After the No-Shop Start Date, the Company will become subject to customary “no-shop” restrictions on its ability to solicit alternative acquisition proposals from third parties and to provide non-public information to, and engage in discussions or negotiations with, third parties regarding alternative acquisition proposals, except that, until the receipt of the Company Stockholder Approval, the Company may continue to engage in the aforementioned activities with any third party that made an alternative acquisition proposal to acquire 50% or more of the assets or total voting power of the equity securities of the Company prior to the No-Shop Start Date that the Special Committee (or the Company Board, acting upon the recommendation of the Special Committee) has determined in good faith constitutes or would reasonably be expected to result in a Superior Proposal (as defined in the Merger Agreement) and that has not terminated or been withdrawn (each, an “Excluded Party”). The “no-shop” restrictions are additionally subject to a customary “fiduciary out” provision that allows the Company, under certain specified circumstances, to provide non-public information to, and engage in discussions or negotiations with, third parties with respect to an alternative acquisition proposal if the Special Committee (or the Company Board, acting upon the recommendation of the Special Committee) determines in good faith (after consultation with its financial advisor and outside legal counsel) that such alternative acquisition proposal constitutes or would reasonably be expected to result in a Superior Proposal and the failure to take such actions would be inconsistent with its fiduciary duties pursuant to applicable law.

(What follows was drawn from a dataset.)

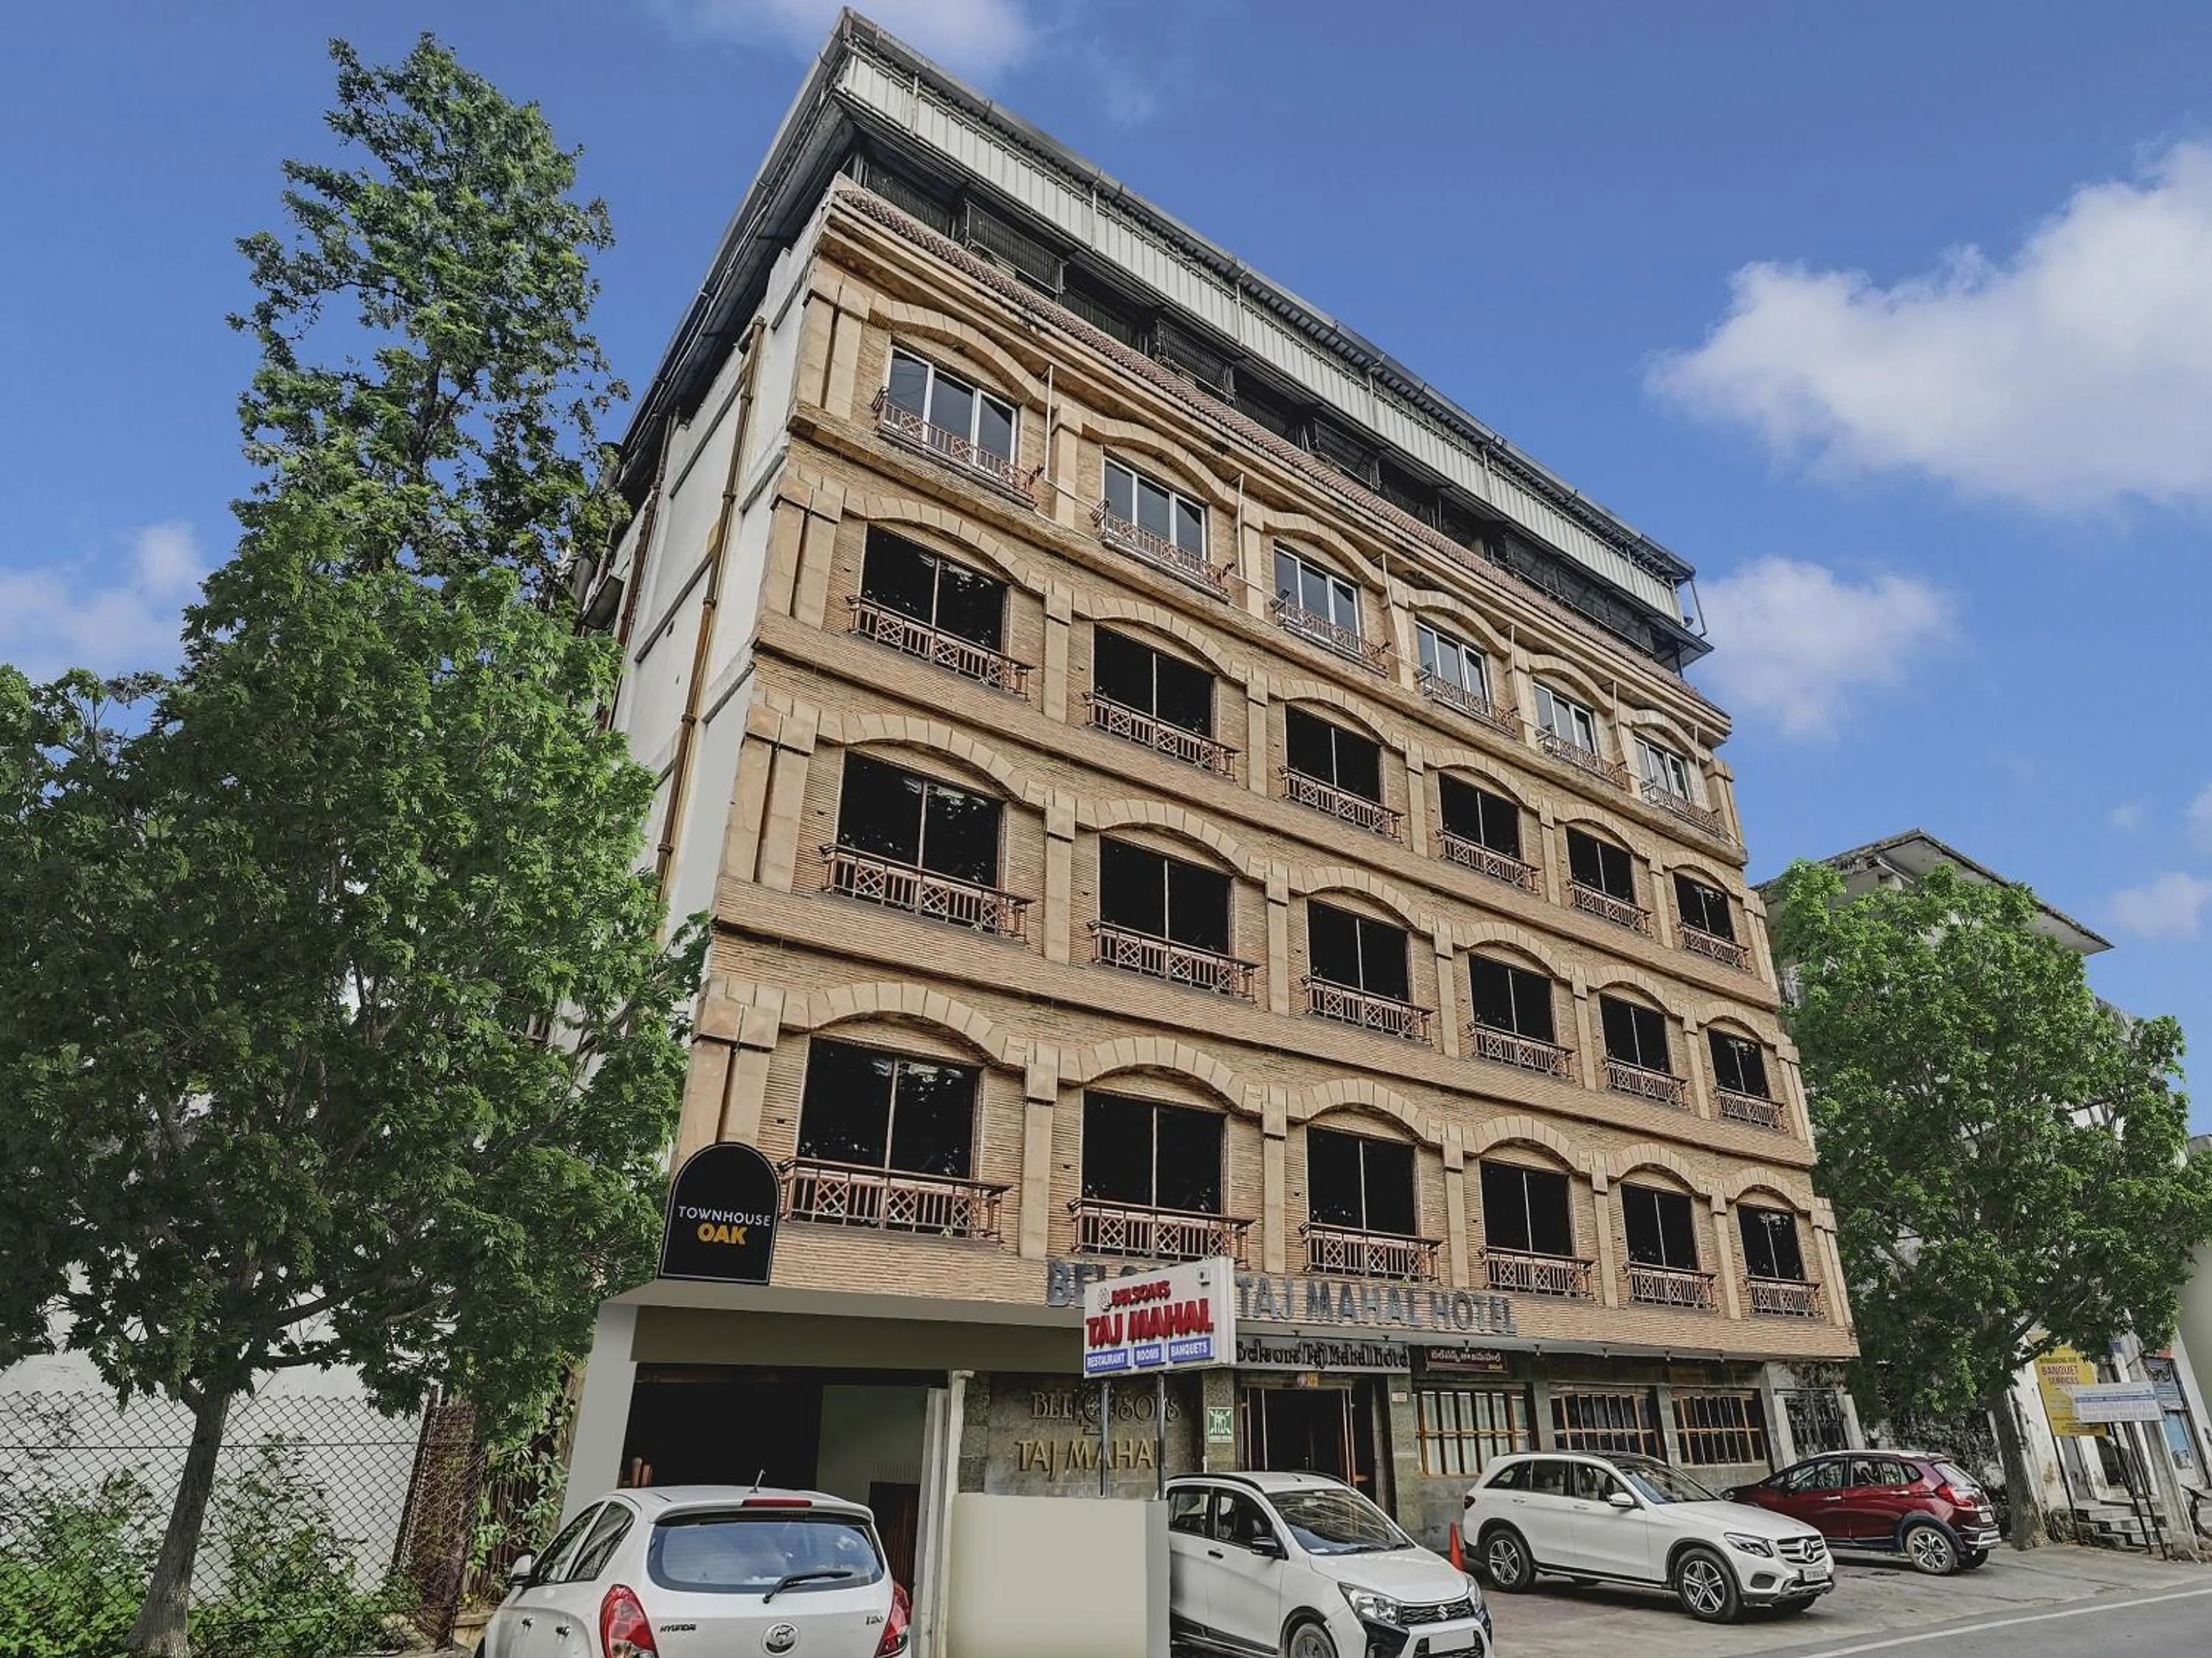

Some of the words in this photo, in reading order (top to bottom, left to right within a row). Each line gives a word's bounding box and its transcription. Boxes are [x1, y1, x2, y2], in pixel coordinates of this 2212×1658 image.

In the event that an Intervening Event (as defined in the Merger Agreement) occurs or the Company receives a bona fide written alternative acquisition proposal that did not result from a breach of the “no-shop” restrictions in the Merger Agreement and that the Special Committee (or the Company Board, acting upon the recommendation of the Special Committee) determines in good faith (after consultation with its financial advisor and outside legal counsel) constitutes a Superior Proposal, then, on the terms and subject to the conditions set forth in the Merger Agreement, the Special Committee and/or the Company Board may, in certain circumstances prior to the receipt of the Company Stockholder Approval and subject to certain notice and “matching” rights of Parent, change its recommendation that the Company’s stockholders adopt the Merger Agreement.
Termination and Fees
The Merger Agreement contains customary termination rights for the Company (acting with the prior authorization of the Special Committee) and Parent, including, among other circumstances, (a) by either party in the event that the consummation of the Merger does not occur on or before September 23, 2025, subject to up to two consecutive three-month extensions if, on such date (or the extension thereof), all of the closing conditions in the Merger Agreement except for those relating to regulatory approvals have been satisfied or waived, (b) by either party in the event that the Company Stockholder Approval is not obtained at a meeting of the Company’s stockholders at which a vote on the adoption of the Merger Agreement was held, (c) by Parent, prior to the receipt of the Company Stockholder Approval, in the event of an adverse change of the Special Committee’s or Company Board’s recommendation that the Company’s stockholders adopt the Merger Agreement, (d) by the Company, prior to the receipt of the Company Stockholder Approval, in order to enter into a definitive acquisition agreement with respect to a Superior Proposal and (e) by the Company, in the event that Parent has failed to consummate the Merger when required under the Merger Agreement after the Company has confirmed in writing that it is ready, willing and able to consummate the Merger.
If the Merger Agreement is terminated in certain specified circumstances, the Company will be required to pay a termination fee to Parent. If the termination fee becomes payable as a result of the Company terminating the Merger Agreement prior to the receipt of the Company Stockholder Approval in order to enter into a definitive acquisition agreement with respect to a Superior Proposal by an Excluded Party, or as a result of Parent terminating the Merger Agreement due to an adverse change of the Special Committee’s or Company Board’s recommendation that the Company’s stockholders adopt the Merger Agreement in connection with an alternative acquisition proposal made by an Excluded Party, then the amount of the termination fee will be $1,500,000. If the termination fee becomes payable in other circumstances, then the amount of the termination fee will be $3,600,000.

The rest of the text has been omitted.